Олли приподнимает бедро, сует руку в задний карман и вынимает оттуда сплющенную мягкую пачку Camel Lights с зажигалкой. Зажимает сигарету между губами, прикуривает и затягивается. И вот тогда я понимаю, что он на грани. До сих пор Олли не курил. Он выдыхает дым, и это получается с дрожащим болезненным звуком.

— Господи-Боже, это было ужасно.

— Да.

Он передает мне сигарету, и мы молча курим ее на двоих.

— Вот что я здесь ненавижу — такие ночи, как эта. Я ненавижу людей. Ненавижу то, чем мы занимаемся. Меня бесит, что люди так сильно и без причины могут ненавидеть друг друга и запросто убивать один другого. Из-за чего? Я даже не представляю. Из-за убеждений? Традиций? Политики?

Я смотрю, как он подносит сигарету к губам, и наблюдаю за мерцающей в темноте оранжевой точкой. Вижу в тусклом свете, как дрожат его пальцы, когда он затягивается.

— Это настолько бессмысленно, — я не знаю, что еще сказать. Мне комфортно только тогда, когда нахожусь в гуще событий. В остальных случаях я становлюсь… косноязычной.

Он дает мне затянуться сигаретой, забирает окурок и выбрасывает его. Приподнимается на локте. Звезды освещают его красивое лицо. Даже усталое, изможденное, осунувшееся — оно великолепно. Он опускает взгляд на меня, и мое сердце начинает дико колотиться.

— Сейчас я поцелую тебя, ладно? — взгляд его глаз напряженный, пронзительный.

Я просто киваю и тянусь к нему. Прижимаюсь ближе. И мы целуемся.

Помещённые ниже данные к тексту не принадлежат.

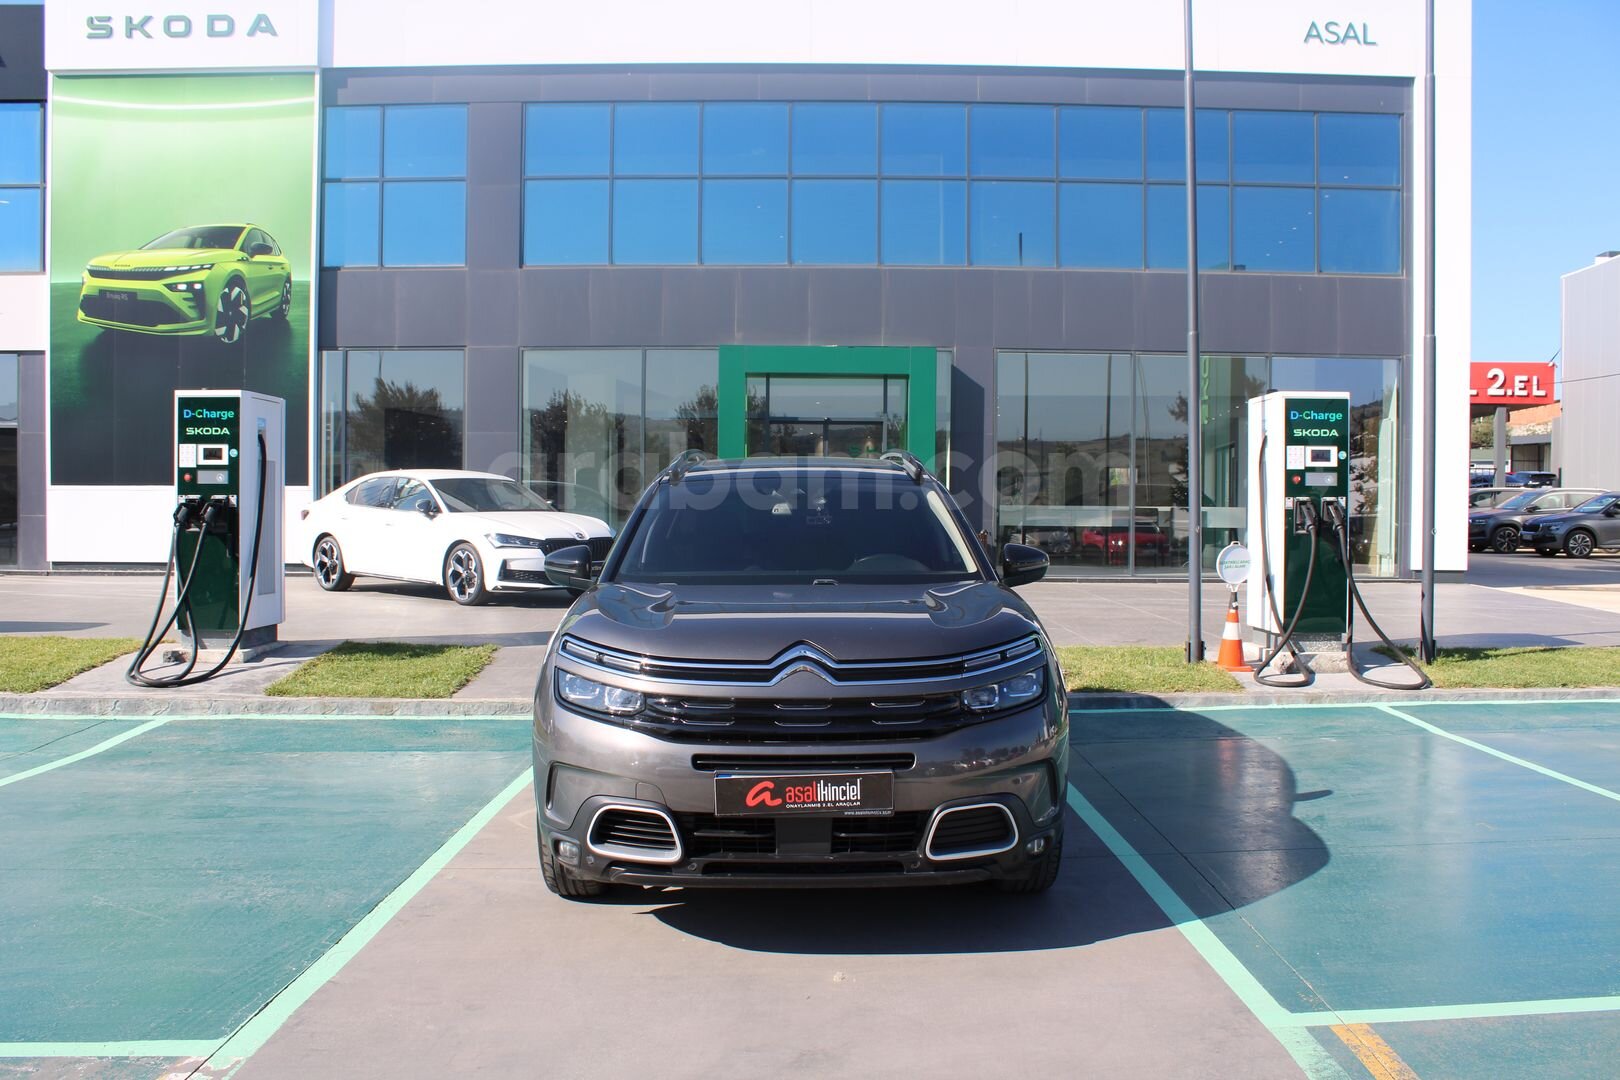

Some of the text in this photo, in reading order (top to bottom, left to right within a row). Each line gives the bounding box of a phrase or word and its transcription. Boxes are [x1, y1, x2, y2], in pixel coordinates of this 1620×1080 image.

[86, 14, 278, 39] SKODA
[1304, 20, 1377, 44] ASAL
[1487, 368, 1547, 396] 2.EL
[183, 409, 234, 420] D-Charge
[1290, 410, 1343, 422] D-Charge
[186, 427, 230, 435] SKODA
[1293, 429, 1339, 437] SKODA

И во время этого поцелуя ко мне приходит понимание.

Это он.

Он только мой.

А когда Олли, отстраняясь, разрывает поцелуй, я понимаю, что он чувствует то же самое.

— Мне очень нравится целовать тебя. Правда-правда, — в его голосе слышен акцент, которого я раньше не замечала.

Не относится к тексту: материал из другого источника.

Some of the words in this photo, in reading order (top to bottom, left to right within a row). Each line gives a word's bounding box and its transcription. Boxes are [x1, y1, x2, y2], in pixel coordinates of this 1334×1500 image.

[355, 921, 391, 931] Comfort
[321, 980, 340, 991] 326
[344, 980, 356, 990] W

— Возможно, потому, что ты чертовски в этом хорош, — отвечаю я.

— Много практиковался.

— Мне, наверное, не стоит в этом признаваться, но я так не думаю, — я усмехаюсь, потому что мне нравится подшучивать над ним. Это отвлекает.

— Уупс.

— Откуда ты, Олли?

Он ложится на спину рядом и переплетает свои пальцы с моими.

— Ты уловила акцент, да?

— Да, едва заметный.

— Ардмор, Оклахома. Это на самой границе Техаса, — он делает вид, что снимает воображаемую шляпу. — К вашему сведению, я настоящий потомственный ковбой.

— Ты серьезно?

Он смеется.

— Серьезнее не бывает. Я вырос на ранчо в две с половиной тысячи гектар, ловко управлялся с лассо и объезжал диких лошадей. Мой отец дал мне пинка под зад, когда я уехал в Лос-Анджелес учиться на врача. Пришлось передать ранчо моему младшему брату, который, хочу сказать, ездит верхом гораздо хуже меня.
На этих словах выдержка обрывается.